If Next.js was only about rendering problems, then it should have been a simple adapter for already well-established frameworks because it is clearly not handling all concerns which brings up my next point.
Custom Server and Middlewares
Custom server is literally a namesake. We tried it. We used it with Koa. We used it with Fastify and the mental gymnastics required to achieve this is simply not worth it. It works until it doesn’t work. Some features are simply not available.
Then comes the Middlewares. It took 15 iterations for middlewares to support Node.js runtime in middleware. The only option was some esoteric Edge runtime till that time. Middleware is a solved problem from the days of Express. If something claims to be a framework, then these are solved problems. There was no point in reinventing the wheel.
Reiterating again that if Next.js only solves the rendering problem and as such it should be an adapter/plugin/middleware for well-established frameworks.
I have built my own SSR with Webpack in early days. I used Vite in Backend integration that was not a Node.js runtime. I am using Vite SSR with Fastify. And, now I am experimenting with Parcel’s new React Server Components. These are all well thought our composable solutions that plug well into existing ecosystem readily. I did not need any special provision in my docker image. I did not have to split my web application into multiple services because Next.js did not provide better abstractions for other concerns of the web applications). It just works.
I deeply admire @pilcrowonpaper and the work he did on Lucia Auth. I never met him in person. I do not even know his name. But I know that he did not hesitate to kill his own solution and turn it into set of guidelines because architecturally that made more sense. Read below to get more idea:
This is what a Next.js should have been. It could have solved a complex problem of hydration and streaming but it did not need a full framework to do this.
Application Packaging
I will stop here with this final point. I still have an unsolved question:
All I can do is that I publish a bunch of functions and hooks, hope that my users will do the right thing at a right place by following my documentation because, Next.js doesn’t provide a right level of abstraction nor does it provide good system of application composition and also doesn’t provide application lifecycle to hook into.
As I said, my list is long and I can go on and on:
- Inflexible file system routing.
- Magical middleware and its weird behavior when accessing public files, API routes and changes according to rendering mode.
- Caching shenanigans.
- Anything beyond HTTP and tRPC.
- Rigid layout system with lots of conditions.
- Missing notion of stateful request-response paradigm.
- Nothing about threads, background jobs or queues.
- Poor man’s API system.
Individually, when you look at them, it looks like it supports everything and some limitations might be tolerable.

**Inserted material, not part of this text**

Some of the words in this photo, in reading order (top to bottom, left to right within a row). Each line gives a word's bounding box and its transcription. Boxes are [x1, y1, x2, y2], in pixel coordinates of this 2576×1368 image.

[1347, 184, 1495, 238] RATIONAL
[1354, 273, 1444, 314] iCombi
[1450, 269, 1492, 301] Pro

However, collectively, it paints a picture of a framework that tightly controls rendering but leaves every other concern half-solved.
The world beyond rendering
If you’ve made it this far, the most important critique is this: there’s a wide class of real-world applications that simply cannot be built within Next.js’ constraints. I’ve run into several such cases firsthand:
- Dynamic theming system (CRM use case).
Similar to WordPress or Ghost, the requirement was that users could upload a theme (CSS, templates, assets) without code changes or redeployment. Because Next.js tightly couples rendering to the build step, this was impossible. I ended up writing a custom JSX templating system outside of Next.js. - Multi-team modular platform.
A company needed multiple small applications, each owned by different teams. Ideally, a base app would be published as an NPM package and extended. Next.js doesn’t support this pattern. The workaround was scaffolding tools and codemods for every upgrade — after nine iterations, the company removed Next.js from their tech radar. - Enterprise release pipelines (finance).
In regulated finance environments, Docker images must be promoted from integration → staging → production without rebuilds. Next.js assumes flexible redeploys, making this impossible. The framework’s deployment model simply does not fit enterprise-grade release constraints. - Dual licensing / open-core product.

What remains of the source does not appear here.